Until now, Obama has avoided putting his name behind sweeping proposals to cut defense spending for fear that the Republicans would brand him as a typical soft-on-defense Democrat, and he was pleased that his defense secretary, a Republican, went after poor-performing procurement programs and management inefficiencies, plowing much of the savings right back into the military.

And while the president spoke emphatically about his $400 billion target, he left himself some room to maneuver, directing the Pentagon to first conduct a comprehensive review, and only then would he make decisions on spending.

Senior Pentagon officials said Gates was less concerned about the Pentagon’s being called upon once again to help reduce the deficit; he was concerned, they said, about the magnitude of the cuts being sought, and he pressed for a process that would clearly define the available choices and the consequences and risks that would follow from each option.

“The secretary has been clear that further significant defense cuts cannot be accomplished without reducing force structure and military capability,” said Geoff Morrell, the Pentagon press secretary.

Administration officials pointed out that the $400 billion would not be drawn from the special budget paying for the wars — and that it would not come just from the Pentagon, either. The cuts will be found across the vast national security apparatus, including the State Department, homeland security, Veterans Affairs, office of the director of national intelligence and the nuclear weapons programs under the Energy Department.

Administration officials stressed that Gates and the chairman of the Joint Chiefs of Staff, Adm. Mike Mullen, would be intimately involved in shaping the president’s final decision. But a review of such consequence is almost certain to extend beyond Gates’ expected departure this summer and Mullen’s retirement in October.

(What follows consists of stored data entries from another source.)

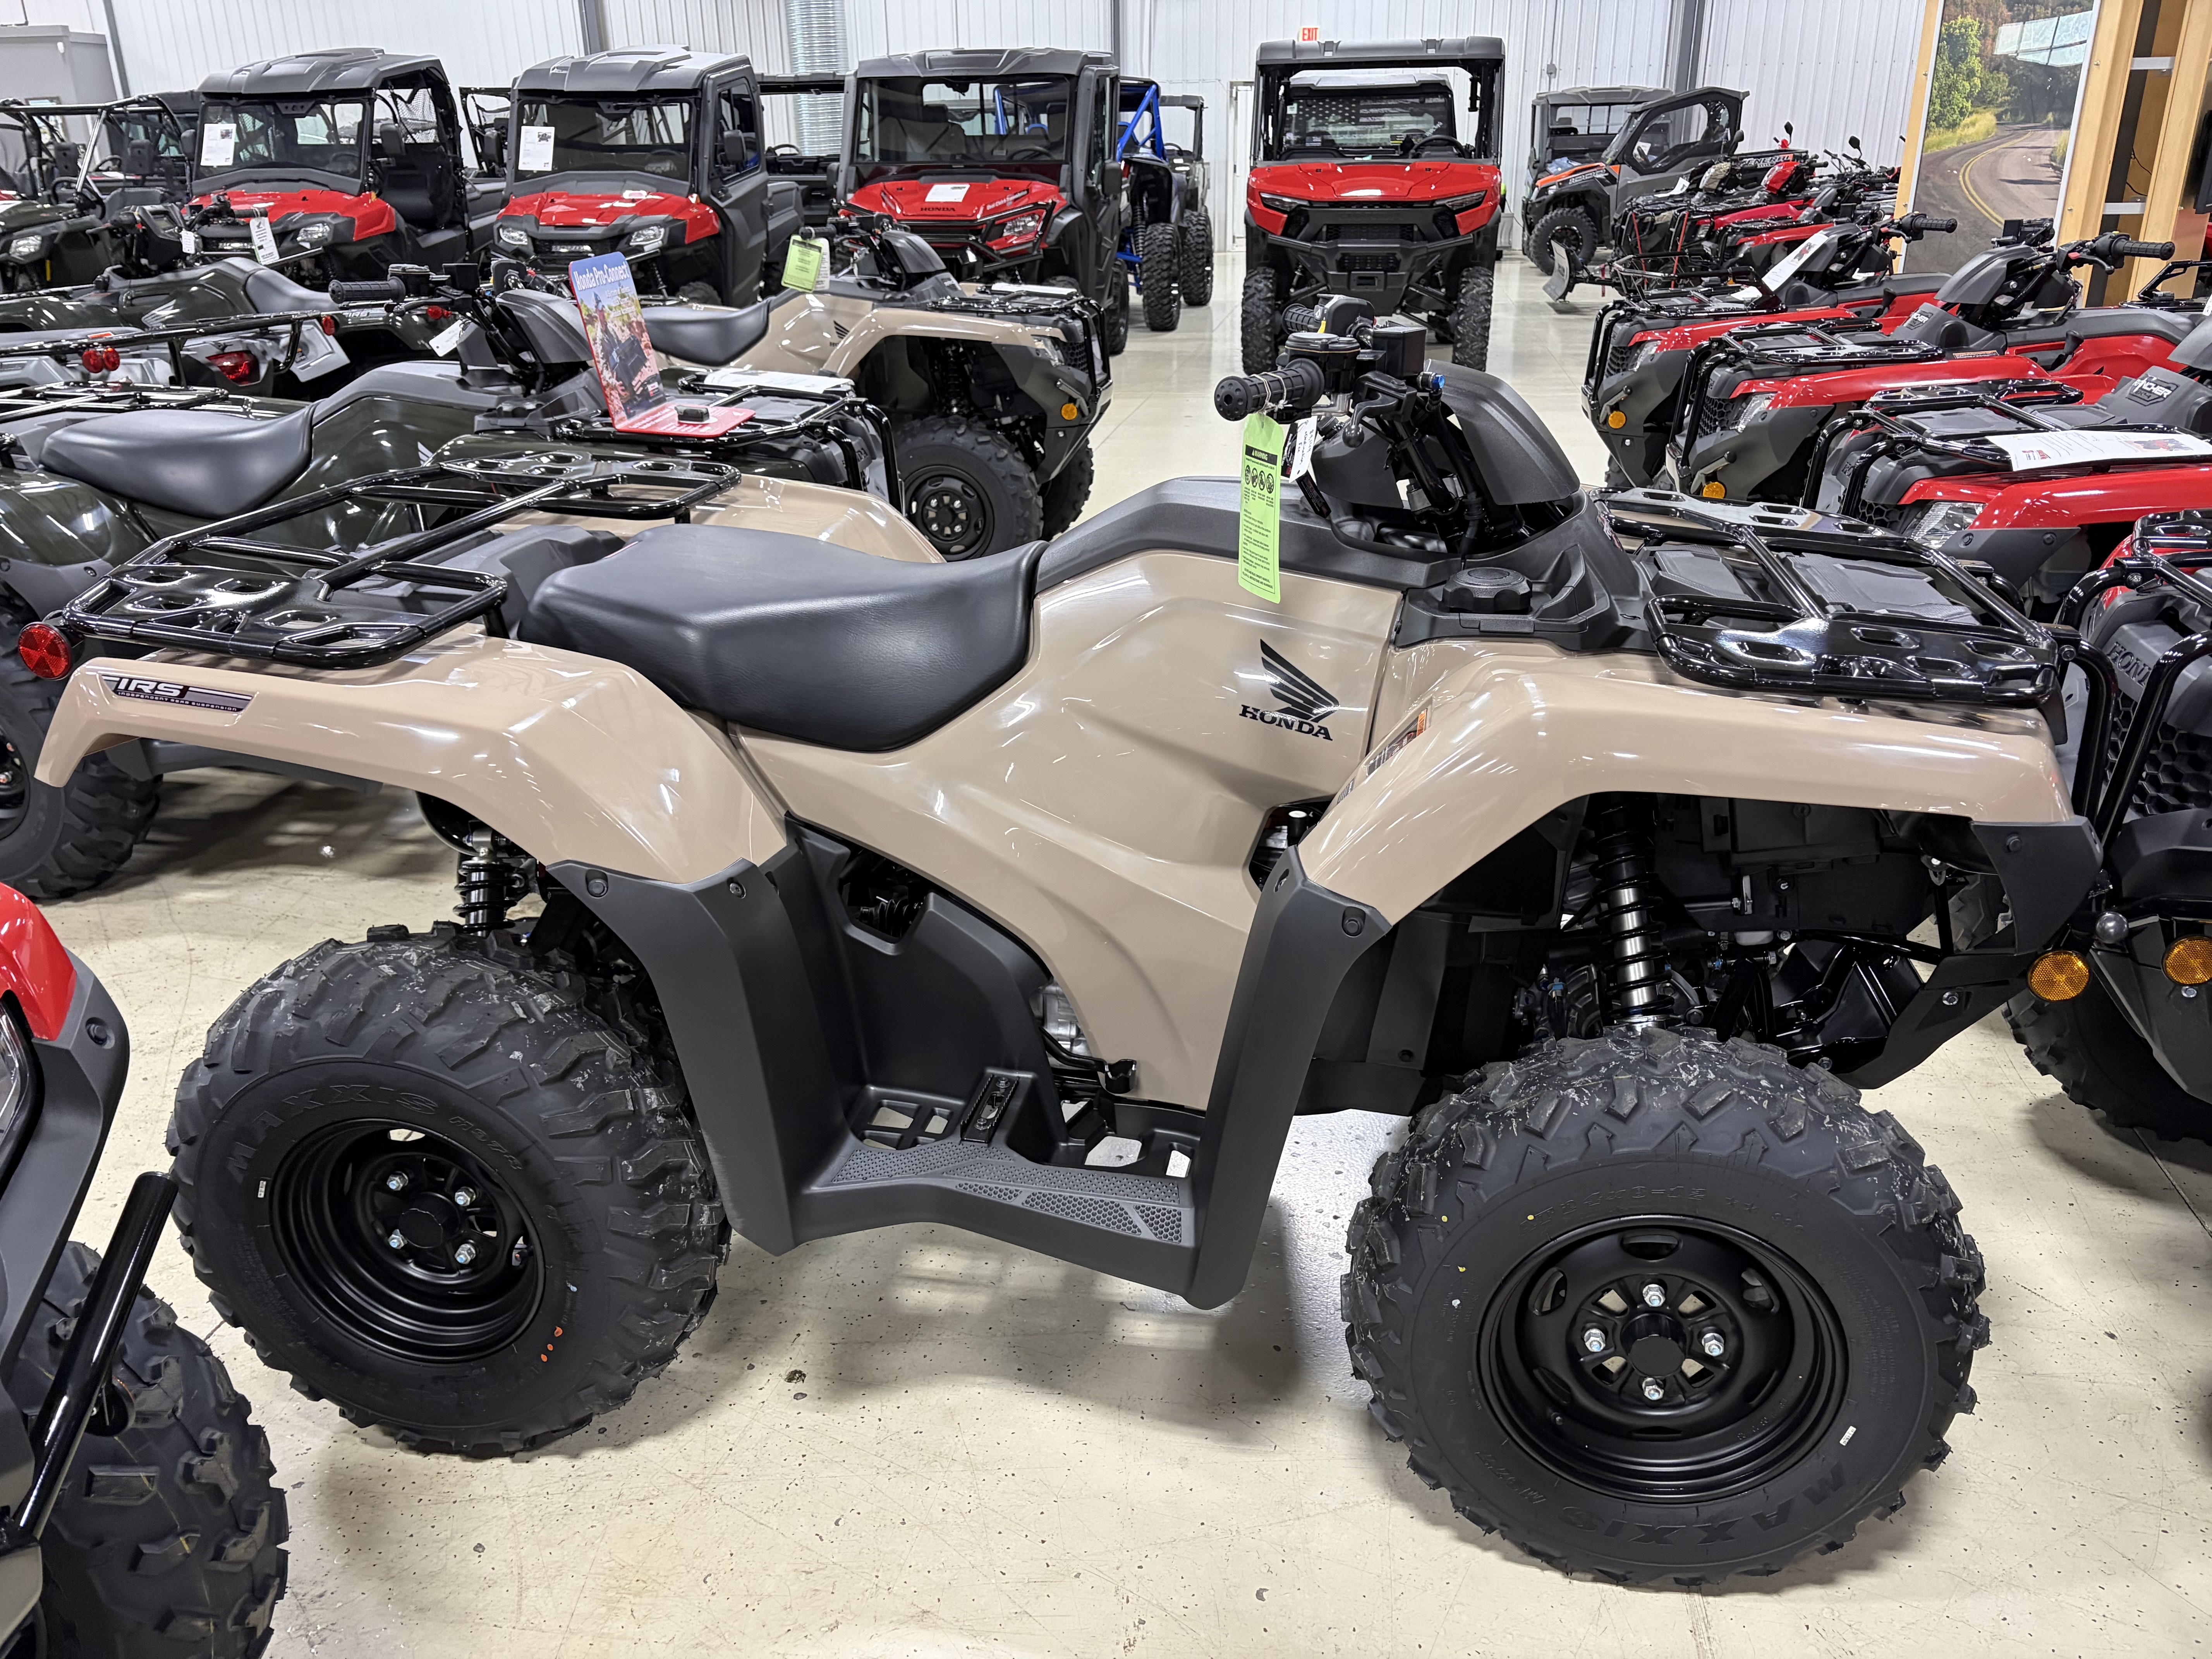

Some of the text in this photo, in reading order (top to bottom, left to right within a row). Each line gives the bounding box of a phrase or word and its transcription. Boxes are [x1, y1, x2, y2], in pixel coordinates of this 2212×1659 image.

[1302, 27, 1318, 41] EXIT
[573, 261, 630, 291] Honda Pro-Connect
[2132, 377, 2172, 398] RANCHER
[118, 678, 184, 697] IRS
[191, 702, 237, 711] SUSPENSION
[1239, 704, 1333, 741] HONDA
[227, 1084, 439, 1179] MAXXIS
[1558, 1463, 1846, 1545] MAXXIS

Personnel costs are the largest part of the Pentagon budget, and Congress has been loath to cut benefits or even raise the costs of military health insurance. So any significant reductions in the Pentagon’s future budget growth certainly would impose tough choices on what the military would be able to do.

But Adams and Todd Harrison, an analyst with the Center for Strategic and Budgetary Assessments, said Obama’s plan would not force sharp cuts in the military’s purchasing power, as occurred when the Cold War ended.

Adams worked last year with a bipartisan group — led by former Sen. Pete V. Domenici, R-N.M., and Alice M. Rivlin, a former budget director in the Clinton administration — that recommended reducing the Pentagon’s projected spending by $900 billion over 10 years. Obama’s deficit-reduction commission called for saving $1 trillion over that period.

Adams said the $400 billion was less than half of that and about 7 percent of what the administration had projected spending on the military over the next 12 years.

Military spending has grown at an inflation-adjusted average of 7 percent a year in the decade since the terrorist attacks of Sept. 11, 2001 — the rate is nearly 12 percent a year before adjusting for inflation — including the costs of the wars in Iraq and Afghanistan.

In passing a compromise 2011 spending bill on Thursday, Congress cut the Pentagon’s base budget to $530 billion from the $540 billon that Gates had said was critical. Adams said that multiplying that $530 billion by the inflation rates used by White House officials could produce savings of $401.7 billion compared with a previous administration proposal.

But unless the Pentagon reduces some of the duties it had planned to expand, it could still face difficulties. “They’ve already done a lot of the easier things in cutting programs,” Harrison said.